İki elini de kullanmadan ve bu zımbırtıyı da buraya...
Why did you bring me all the way up here... if you weren't gonna let me see Rocco?
Rocco'yu görmeme izin vermeyecekseniz neden beni buraya çağırdınız o zaman?
Here. Let me see.
Dur bir bakayım.
Here, let me see that.
Pekala, ona bir bakayım.
Let me see your face well while I'm still living here.
Hâlâ burada yaşıyorken yüzünü iyice görebilmeme izin ver.
Here, let me see it.
Şuna bir bakayım.
Let me see what we can do here.
Şu pantolonu ver bakayım.
HERE, LET ME SEE IT.
Sadece şey hakkında konuşmaya geldim...
Here, let me see that.
Bakayım.
I was here today to see you, but they would not let me in, it being Saturday, with no visiting allowed.
Bugün seni görmek için buradaydım... " "... ama girmeme izin vermediler. Bugün cumartesi... "
Here, let me see.
İşte, bir bakalım.
Let me see if we can find a place for us around here to camp.
Buralarda bir kamp yeri bulabilir miyim, bir bakayım.
- Get out of here. Let me see.
Çekilin yoldan.
Let me stay here. I want to see what's going to happen.
Kalsam daha iyi.
But do not ever let me see your face around here again.
Fakat sakın yüzünü tekrar buralarda görmeyeyim.
We'll see, when they come begging me to let them in down here.
Yakında, kapıyı açmam için bana yalvaracaklar.
- Here. - Let me see your knife!
- Bıçağını ver bana.
Come here a minute, let me see your size. Turn around.
Gel bakayım şöyle, boyunu posunu göreyim, dön şöyle.
Let me see this over here.
- Şuradakine de bir bakalım.
Let me see, here it is!
Bir bakayım, işte burada!
Now let me see, it must be around here somewhere.

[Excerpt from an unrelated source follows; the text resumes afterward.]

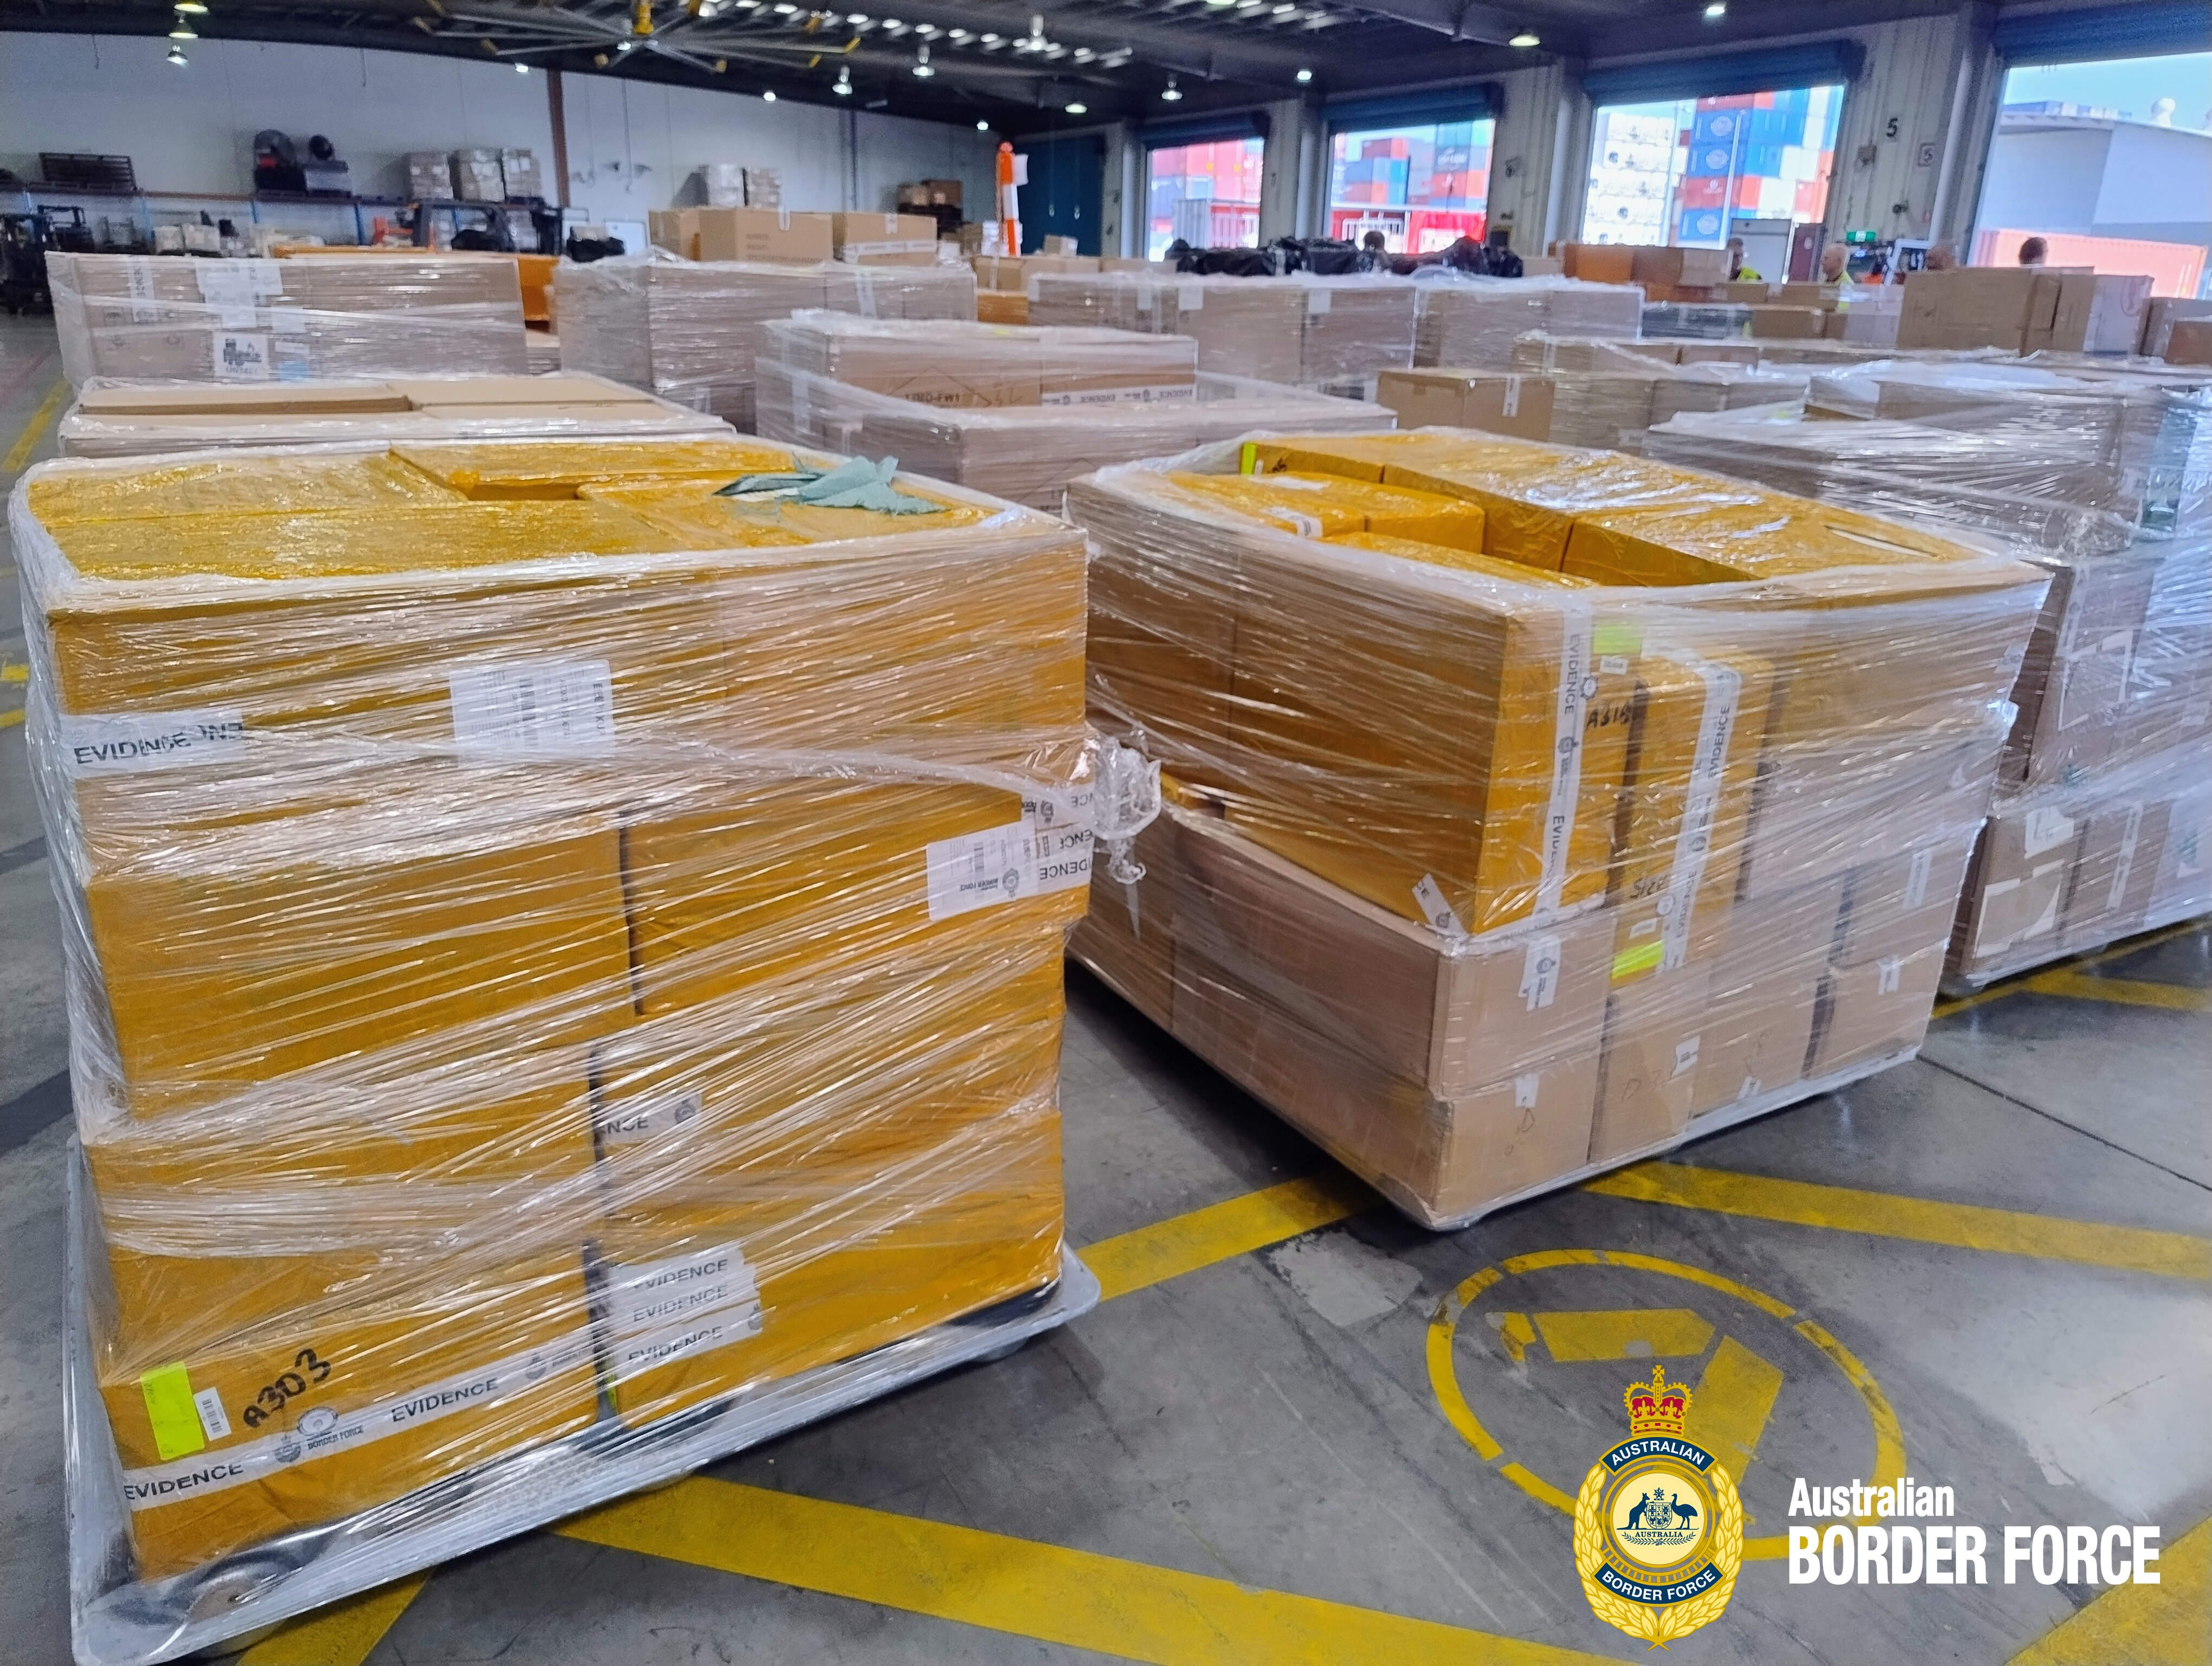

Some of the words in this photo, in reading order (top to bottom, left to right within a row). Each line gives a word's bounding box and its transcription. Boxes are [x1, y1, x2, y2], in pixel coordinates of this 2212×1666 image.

Bir bakayım, buralarda bir yerde olmalı.
Now, let me see where we go from here...
Buradan nereye gittiğimize bakalım.
Here, let me see the note.
Bakayım şu nota.
Then let me see you crawl over here, you black trash.
O zaman buraya sürünerek geleceksin, zenci pislik.
Let me see here.
Büyük matematikçi... 1, 2, 3, 4, 5, 10, 15... Bir bakalım ne kadar varmış?
Willis, if your black ass is here, you'd better not let me see it'cause I'll bust it in two!
Willis, eğer siyah kıçın buradaysa görmemem senin için daha iyi olacak. Çünkü onu ikiye ayıracağım!
Here, let me see that.
Dur bakayım şuna!
Don't let me see you around here again.
Sizi bir daha buralarda görmeyeyim.
Yes, that's right, Ron, but let me tell you something. You see, the video crew isn't here on this trip.
- Evet Ron ama sana bir şey diyeyim gördüğün gibi bu yolculukta hiçbir kameraman yok.
They let me come here to see if I could find anything.
Beni aradılar, bir şeyler bulabilirimmi diye.
Violet, come on down here, and let me see the front of that dress.
Violet, gel buraya da... şu elbisenin ön tarafına bakayım.
Let me call her from down here and see what she says.
Arayayım bakalım... ne diyecek.
Watch this, T.J. Let me see what we got here.
Bunu izle, T.J. Bakın burada neler var.
Why don't you just unobtrusively... see if you can find out who they are, how they got here... who invited them, and come back and let me know.
Neden göze batmadan... kim olduklarını ve buraya nasıl geldiklerini... kimin davet ettiğini öğrenip bana bildirmiyorsun?
Come here. Let me see.
Buraya gel, bir bakayım.
Let me see your best here.
En iyi atışını göreyim.
Come here, and let me see.
Gel de görelim!
Now that I've got my forces here with me, let's just see how brave you are.
Burada yanımda kuvvetlerim var, hadi görelim ne kadar cesur olduğunu.